- **Problem to solve**
Copy the lines below exactly, starting at the one with "this 1541×1734 image." and ending at the one with "this 1250×1667 image.", and leave out any picture.

───── Dataset records ─────

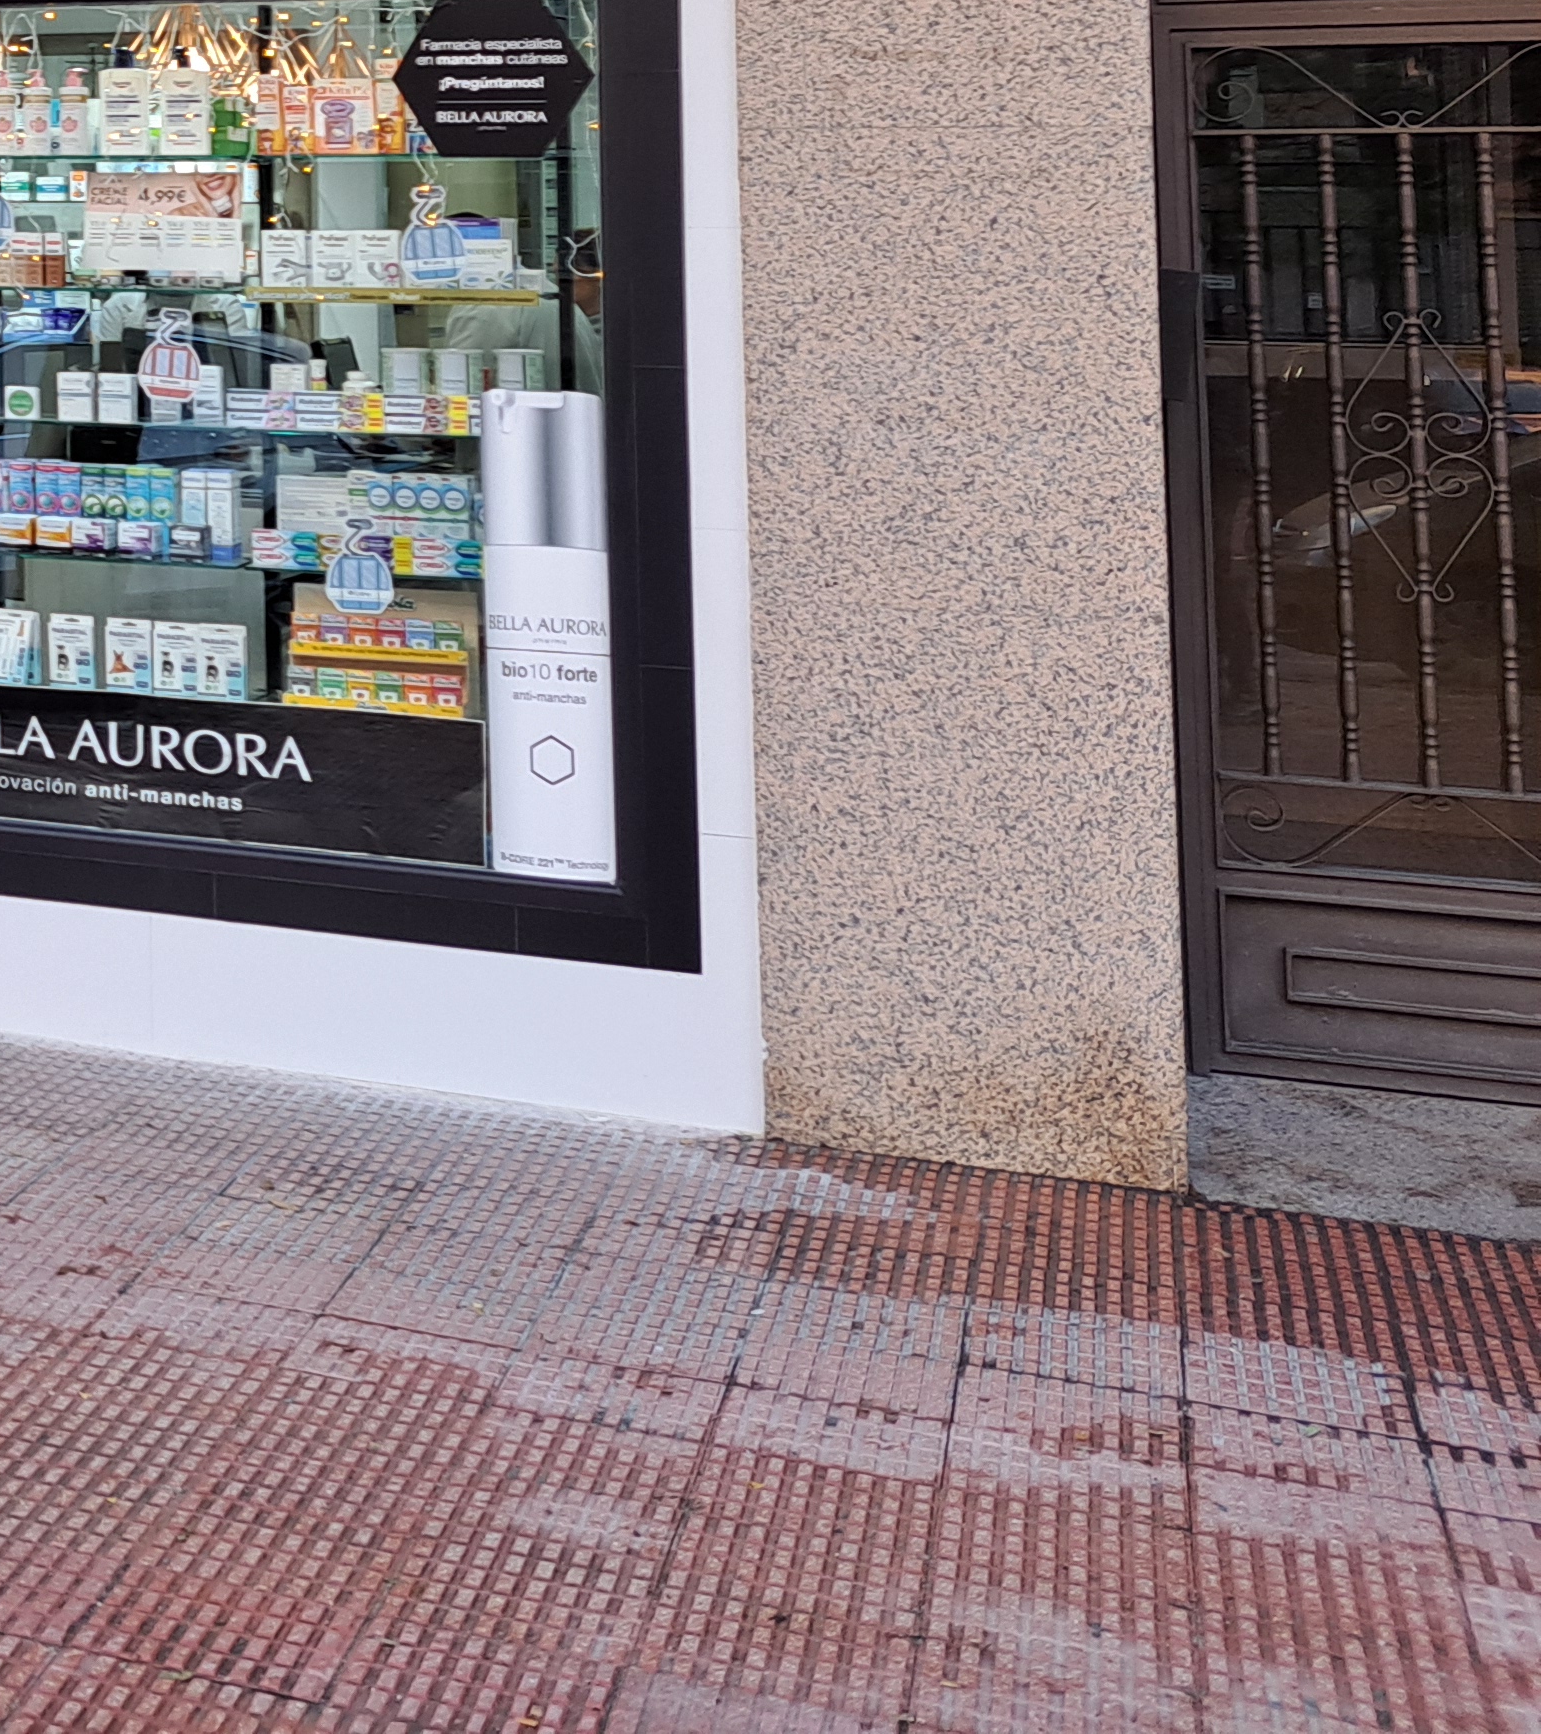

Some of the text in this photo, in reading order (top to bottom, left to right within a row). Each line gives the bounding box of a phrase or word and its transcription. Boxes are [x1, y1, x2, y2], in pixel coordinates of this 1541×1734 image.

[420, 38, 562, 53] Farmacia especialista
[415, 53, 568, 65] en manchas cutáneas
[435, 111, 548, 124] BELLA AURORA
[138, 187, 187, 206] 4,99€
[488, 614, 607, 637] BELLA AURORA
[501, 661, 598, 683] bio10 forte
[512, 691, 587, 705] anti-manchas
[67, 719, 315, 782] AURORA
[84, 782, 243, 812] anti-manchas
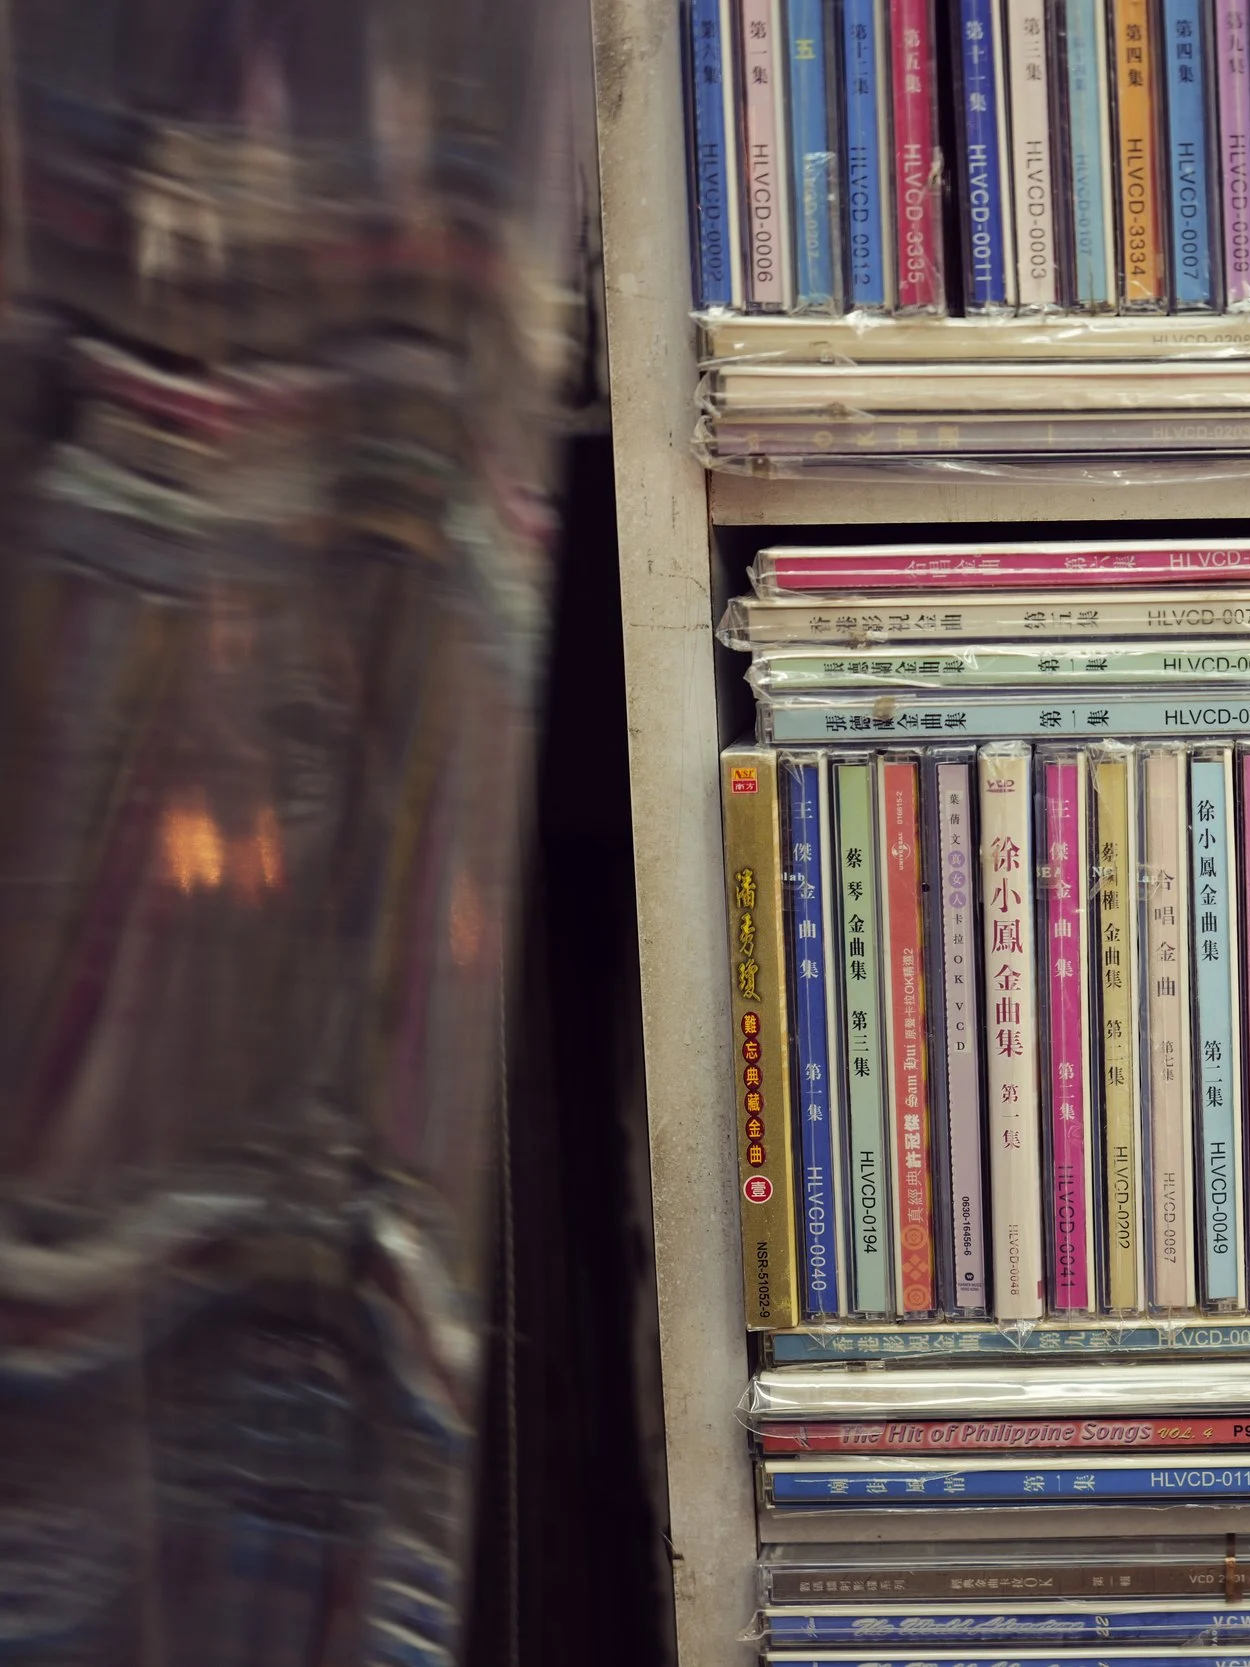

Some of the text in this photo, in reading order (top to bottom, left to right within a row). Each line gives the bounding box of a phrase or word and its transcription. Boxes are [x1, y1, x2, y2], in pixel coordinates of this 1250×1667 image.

─────
───── Dataset records ─────

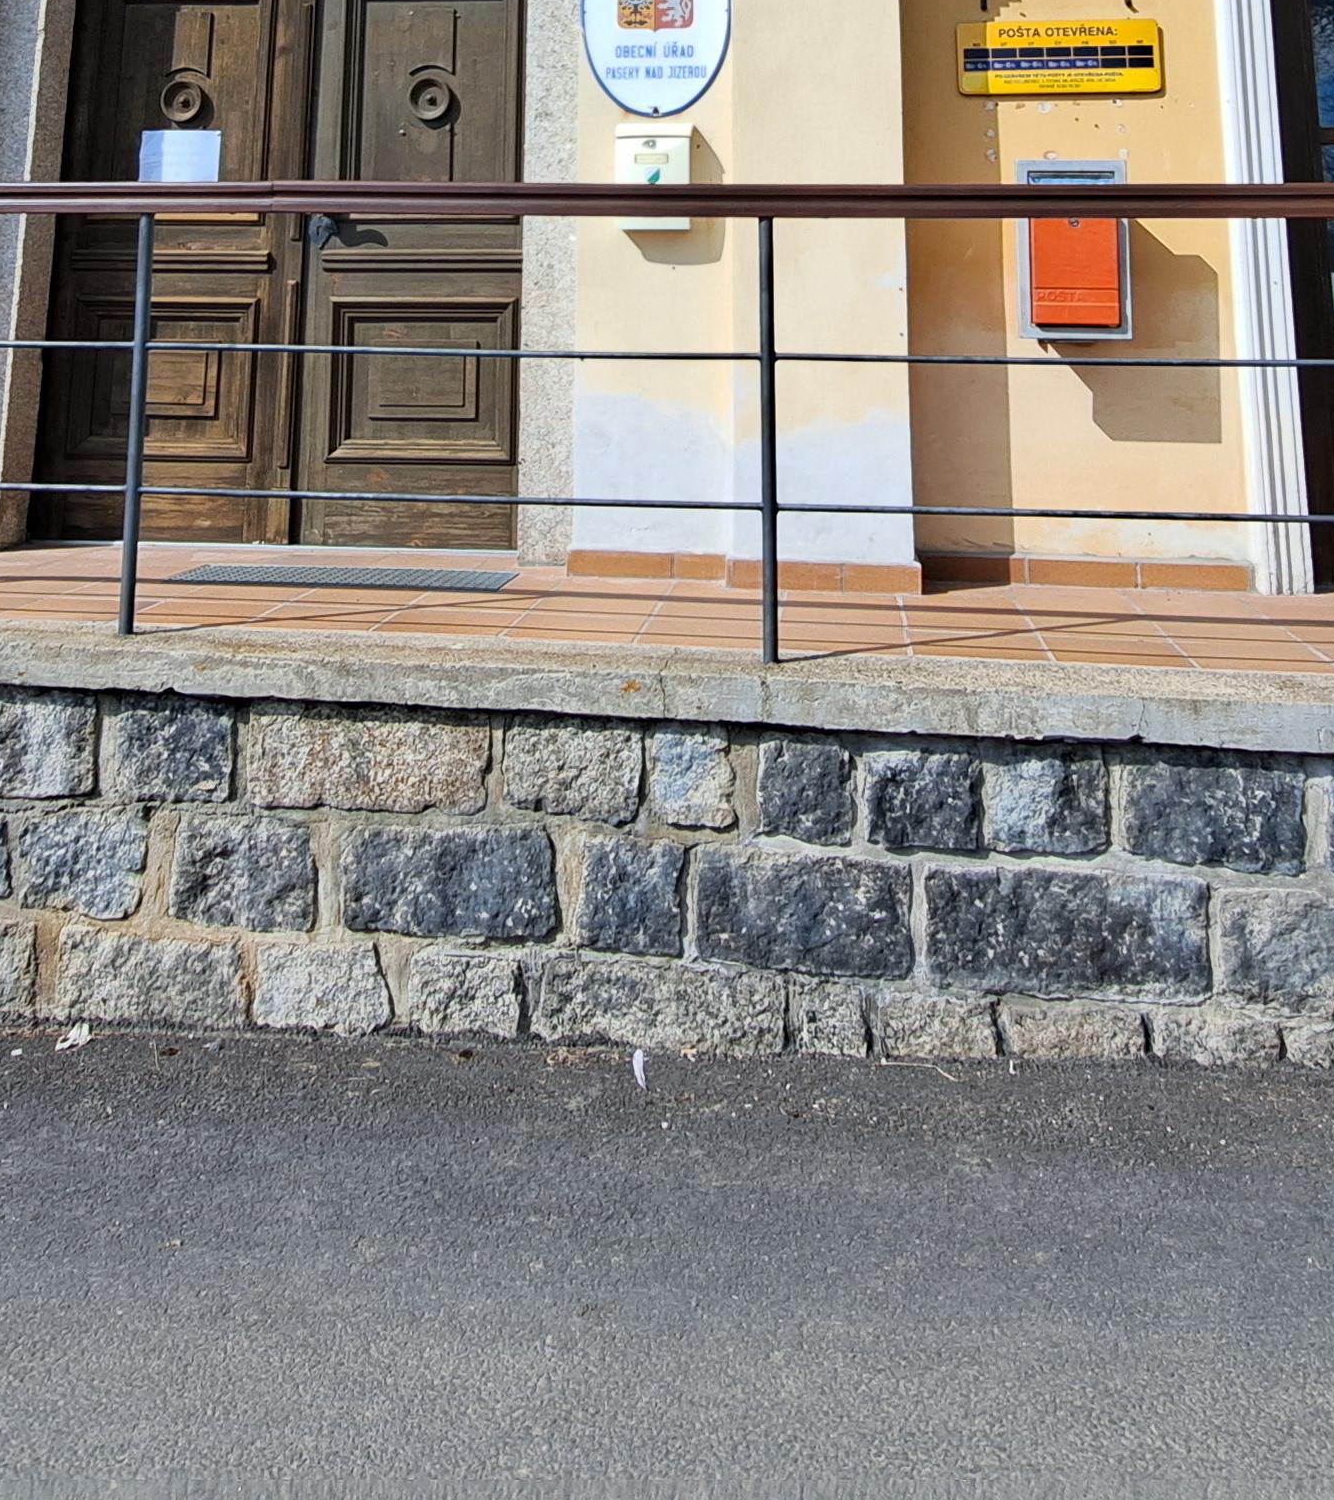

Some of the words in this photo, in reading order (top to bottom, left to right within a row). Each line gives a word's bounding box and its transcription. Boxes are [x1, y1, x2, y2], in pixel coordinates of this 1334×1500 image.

─────

- **Reply**
Some of the text in this photo, in reading order (top to bottom, left to right within a row). Each line gives the bounding box of a phrase or word and its transcription. Boxes are [x1, y1, x2, y2], in pixel coordinates of this 1541×1734 image.

[420, 38, 562, 53] Farmacia especialista
[415, 53, 568, 65] en manchas cutáneas
[435, 111, 548, 124] BELLA AURORA
[138, 187, 187, 206] 4,99€
[488, 614, 607, 637] BELLA AURORA
[501, 661, 598, 683] bio10 forte
[512, 691, 587, 705] anti-manchas
[67, 719, 315, 782] AURORA
[84, 782, 243, 812] anti-manchas

Some of the text in this photo, in reading order (top to bottom, left to right within a row). Each line gives the bounding box of a phrase or word and its transcription. Boxes are [x1, y1, x2, y2], in pixel coordinates of this 1250×1667 image.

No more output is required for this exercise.